Gigi let out a gasp of horror.

Tommy the Pinhead said nothing. Just continued to glower. It was what he did best.

Yolie shook her head at him. “You are failing to grasp the reality of your present situation. Your problem is with us. Neither of you will make it out of this apartment alive if you do not give up everything right goddamned now.”

Gigi started to sob, her heavy eye makeup running down her cheeks in black gobs. “Tommy, please…”

Yolie aimed her weapon at Tommy’s left shoulder. “Talk.”

“Lady, I got nothing for you.”

She fired a shot into the wall that Des swore was less than a half-inch from his skin. “Talk.

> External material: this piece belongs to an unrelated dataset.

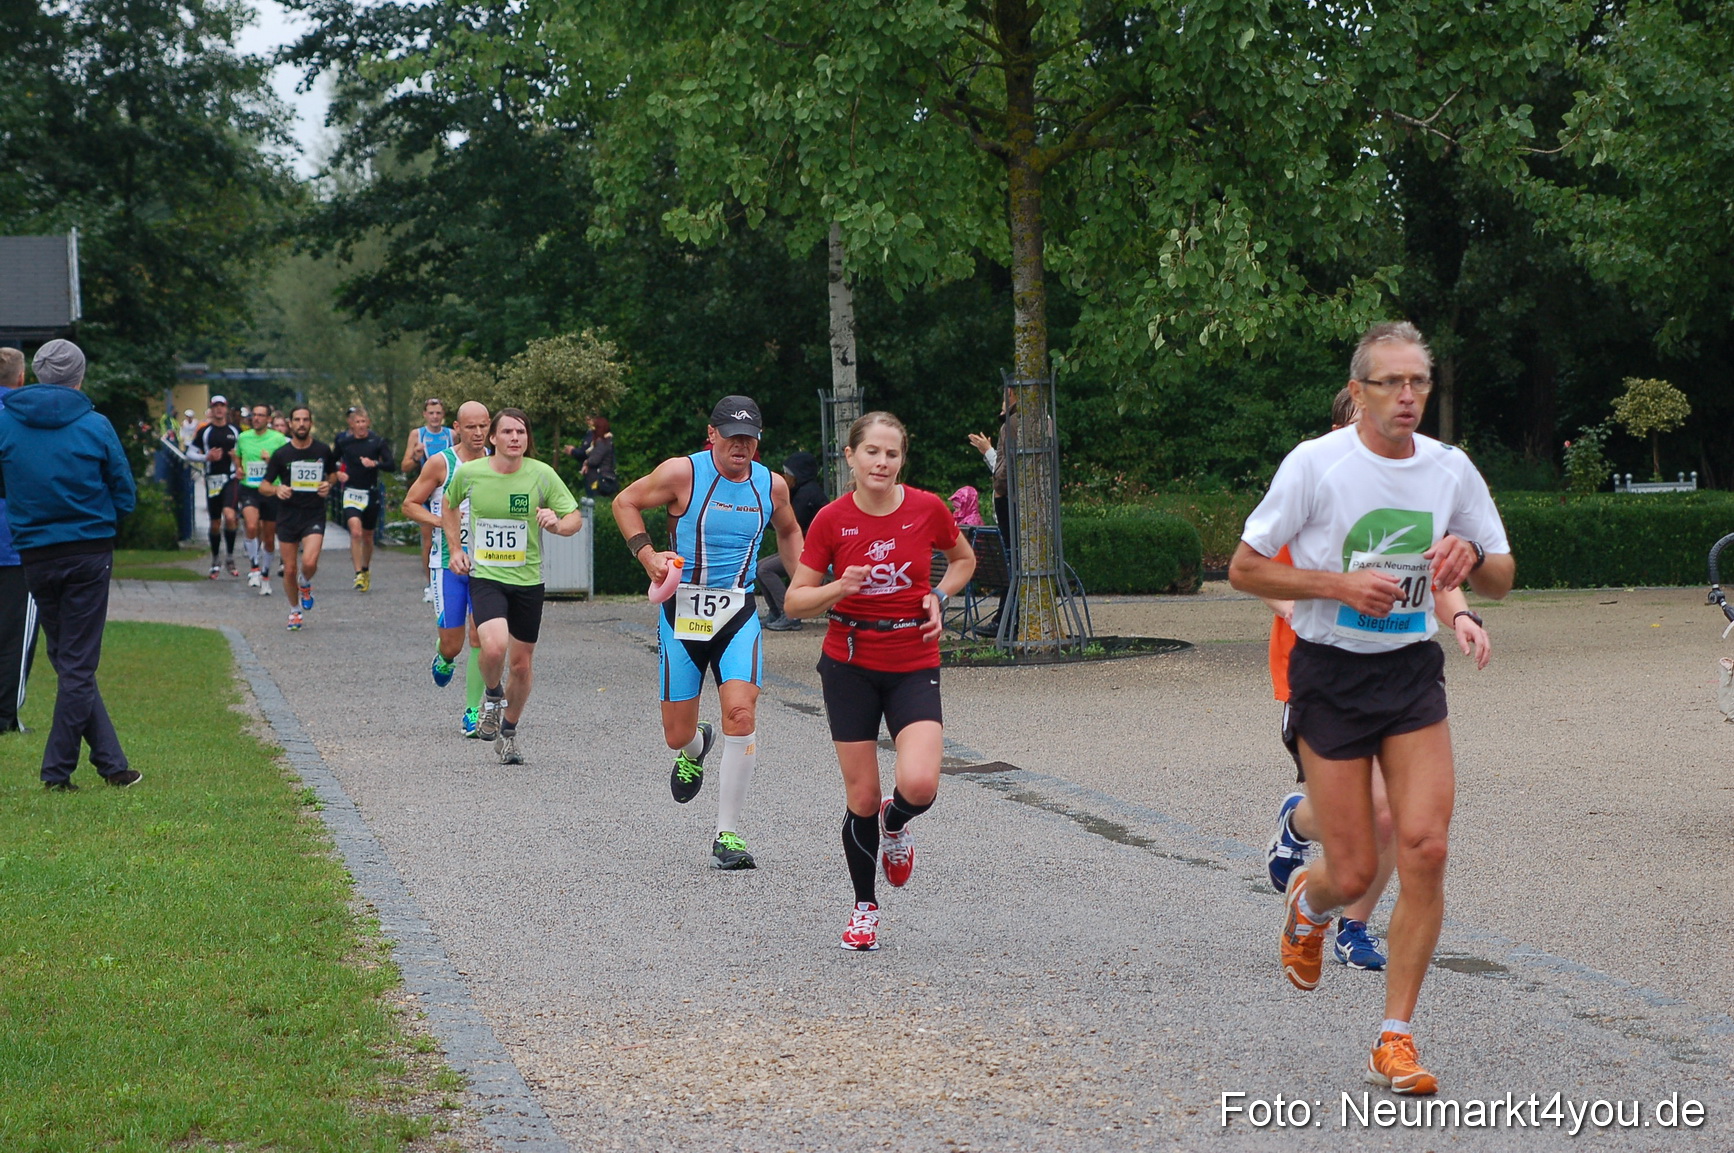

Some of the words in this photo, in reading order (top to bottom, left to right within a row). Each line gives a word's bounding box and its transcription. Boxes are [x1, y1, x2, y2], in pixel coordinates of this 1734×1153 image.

“I just told you. I got nothing.”

“Okay, I’m all done playing games with this fool,” huffed Yolie, who never left home without her Smith amp; Wesson SWAT spring-assist folding knife, size large. There are times when a combat knife can be vastly more persuasive than a SIG. This was one of those times. Yolie squeezed the knife’s thumb release and its razor-sharp four-inch blade sprang open with a click. Then she flung the bedcovers from Tommy and exposed his family jewels. “Hold his legs, girl,” she commanded Des. “I’m going to cut our boy Tommy down to size.”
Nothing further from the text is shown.